Free-text object descriptions:
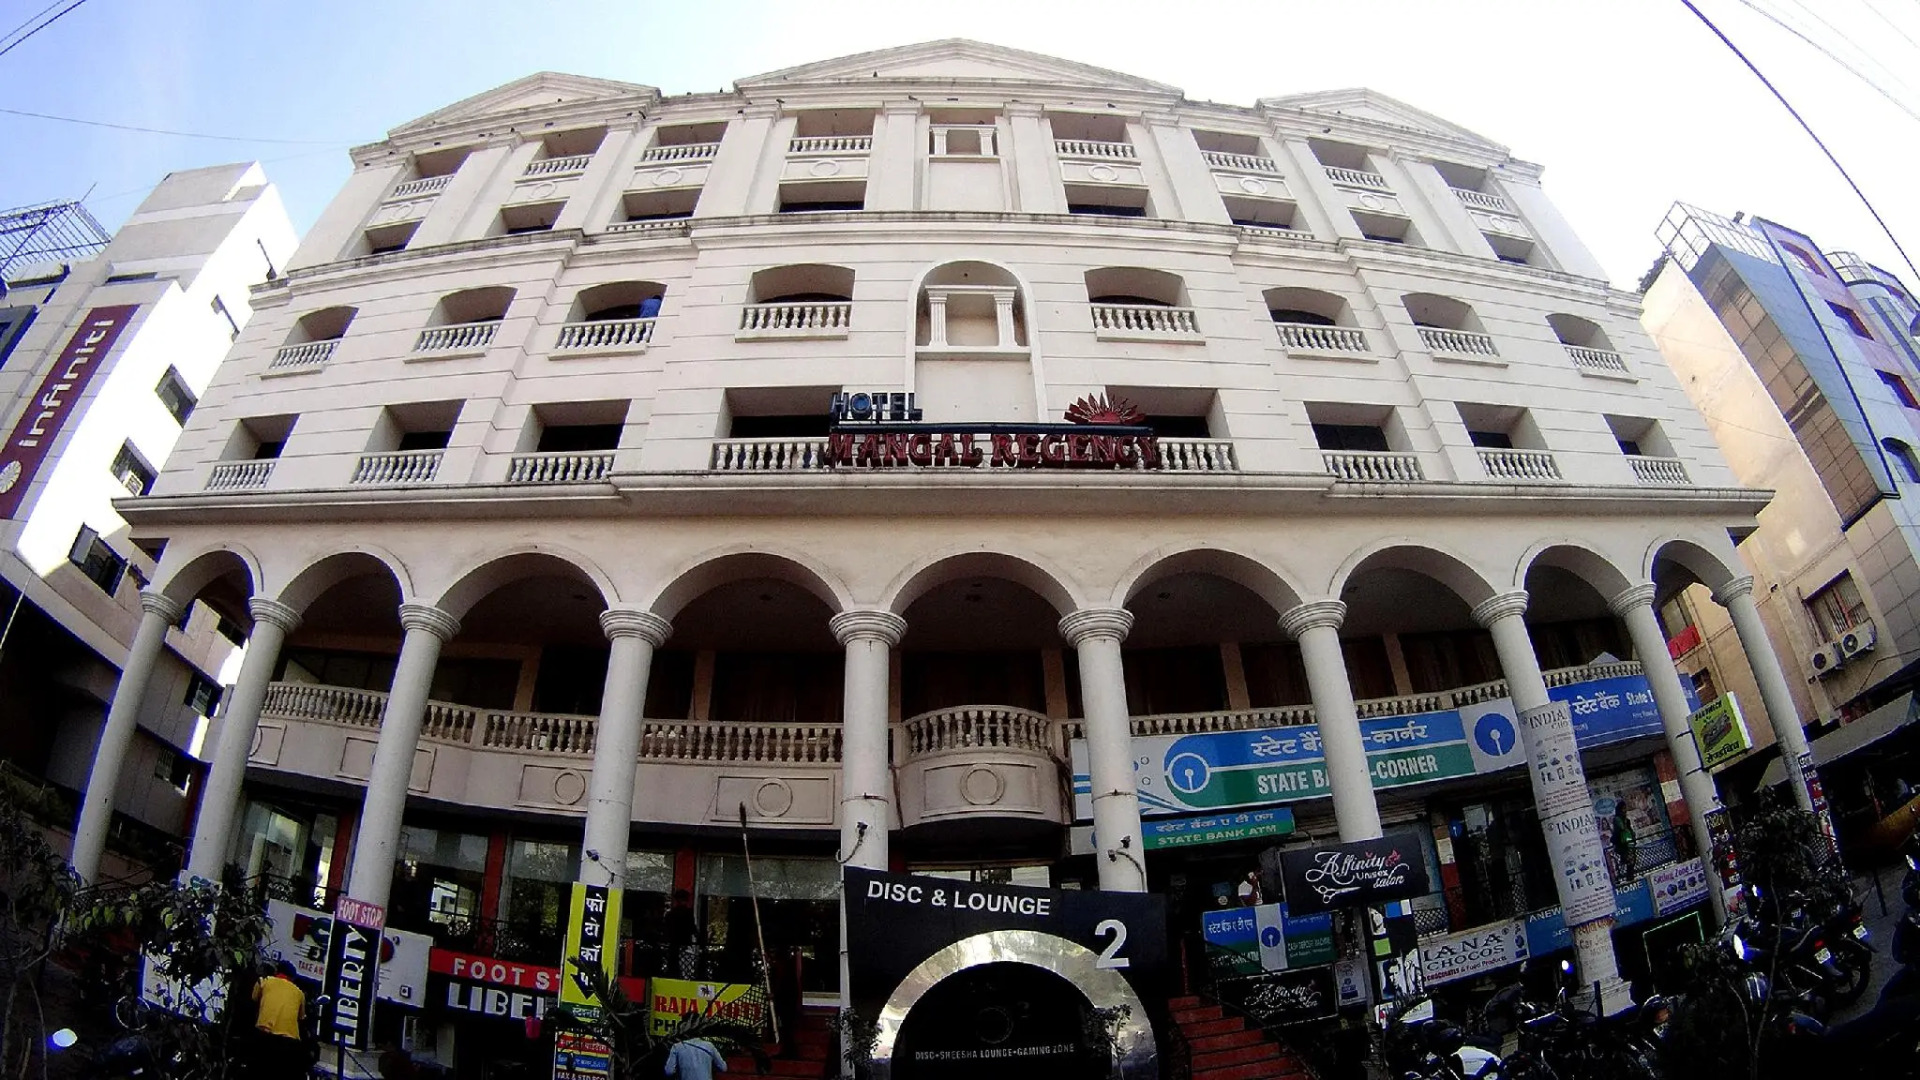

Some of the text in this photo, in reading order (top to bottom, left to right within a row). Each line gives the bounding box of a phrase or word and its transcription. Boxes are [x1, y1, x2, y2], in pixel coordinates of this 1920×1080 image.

[830, 391, 923, 423] HOTEL
[823, 432, 1163, 470] MANGAL REGENCY
[1572, 689, 1621, 716] स्टेट बैंक
[1551, 719, 1570, 731] CHO
[1250, 735, 1298, 757] स्टेट
[1299, 731, 1324, 752] बैं
[1257, 770, 1310, 795] STATE
[1158, 824, 1277, 846] STATE BANK ATM
[1305, 851, 1386, 886] Affinity
[1356, 869, 1389, 881] Unisex
[867, 880, 1051, 916] DISC & LOUNGE
[1615, 880, 1644, 896] HOME
[338, 899, 382, 927] FOOT STOP
[1094, 919, 1130, 969] 2
[453, 957, 526, 986] FOOT
[1426, 944, 1505, 972] CHOCOS
[654, 995, 700, 1018] RAJA
[1052, 1043, 1075, 1054] ZONE

# Problem description
Give the data again word for word, without pictures.

# Task result
Some of the text in this photo, in reading order (top to bottom, left to right within a row). Each line gives the bounding box of a phrase or word and its transcription. Boxes are [x1, y1, x2, y2], in pixel coordinates of this 1920×1080 image.

[830, 391, 923, 423] HOTEL
[823, 432, 1163, 470] MANGAL REGENCY
[1572, 689, 1621, 716] स्टेट बैंक
[1551, 719, 1570, 731] CHO
[1250, 735, 1298, 757] स्टेट
[1299, 731, 1324, 752] बैं
[1257, 770, 1310, 795] STATE
[1158, 824, 1277, 846] STATE BANK ATM
[1305, 851, 1386, 886] Affinity
[1356, 869, 1389, 881] Unisex
[867, 880, 1051, 916] DISC & LOUNGE
[1615, 880, 1644, 896] HOME
[338, 899, 382, 927] FOOT STOP
[1094, 919, 1130, 969] 2
[453, 957, 526, 986] FOOT
[1426, 944, 1505, 972] CHOCOS
[654, 995, 700, 1018] RAJA
[1052, 1043, 1075, 1054] ZONE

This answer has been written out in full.